Is There a Role for Tranexamic Acid in Upper GI Bleeding? A Systematic Review and Meta-Analysis.

INTRODUCTION

Upper gastrointestinal (GI) bleeding is associated with increased morbidity and mortality. Tranexamic acid (TXA) is an antifibrinolytic agent which is licensed in the management of haemorrhage associated with trauma. It has been suggested that tranexamic acid may be able to play a role in upper GI bleeding. However, there is currently no recommendation to support this.

AIM

The aim of this study was to synthesise available evidence of the effect of TXA on upper GI bleeding.

METHODS AND MATERIALS

A systematic review was conducted. PubMed, EMBASE, and Cochrane Central Register of Controlled Trials (CENTRAL) were searched for relevant studies. A random effects meta-analysis was performed to determine the risk ratio of primary and secondary outcomes pertaining to the use of TXA in upper GI bleeding.

RESULTS

A total of 8 studies were included in this systematic review. The total number of patients in all studies was 12994 including 4550 females (35%) and 8444 males (65%). The mean age of participants in 6 of the studies was 59.3; however the mean age for either intervention or placebo group was not reported in two of the studies.
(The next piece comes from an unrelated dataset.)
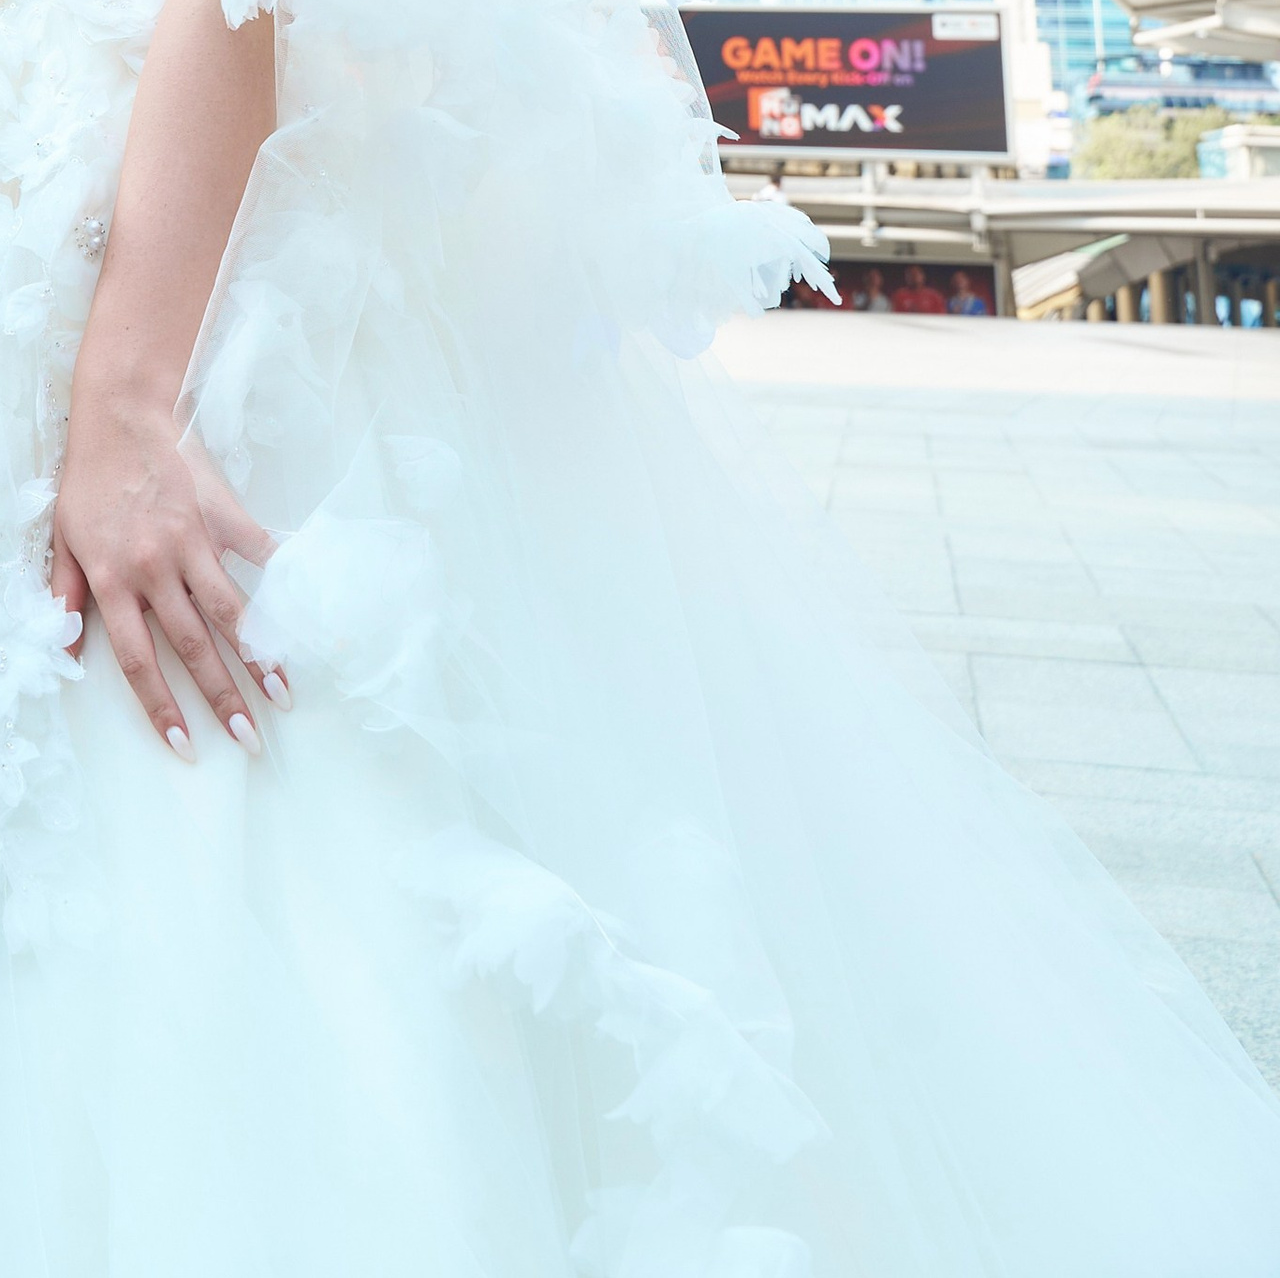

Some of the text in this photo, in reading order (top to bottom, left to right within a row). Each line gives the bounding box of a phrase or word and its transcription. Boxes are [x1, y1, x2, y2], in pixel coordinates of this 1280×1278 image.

[722, 36, 926, 72] GAME ON!
[801, 103, 904, 133] MAX
All studies reported on the effect of TXA on mortality, and the risk ratio was 0.95; however, with the 95% CI ranging from 0.80 to 1.13, this was not statistically significant. 6 of the studies reported on rebleeding rate, the risk ratio was 0.64, and with a 95% CI ranging from 0.47 to 0.86, this was statistically significant. 3 of the studies reported on the risk of adverse thromboembolic events, and the risk ratio was 0.93; however, the 95% CI extended from 0.62 to 1.39 and so was not statistically significant. 7 of the studies reported on the need for surgery, and the risk ratio was 0.59 and was statistically significant with a 95% CI ranging from 0.38 to 0.94.

CONCLUSION

In conclusion, the use of TXA in upper GI bleeding appears to have a beneficial effect in terms of decreasing the risk of re-bleeding and decreasing the need for surgery. However, we could not find a statistically significant effect on need for blood transfusions, risk of thromboembolic events, or effect on mortality. Future randomised controlled trials may elucidate these outcomes.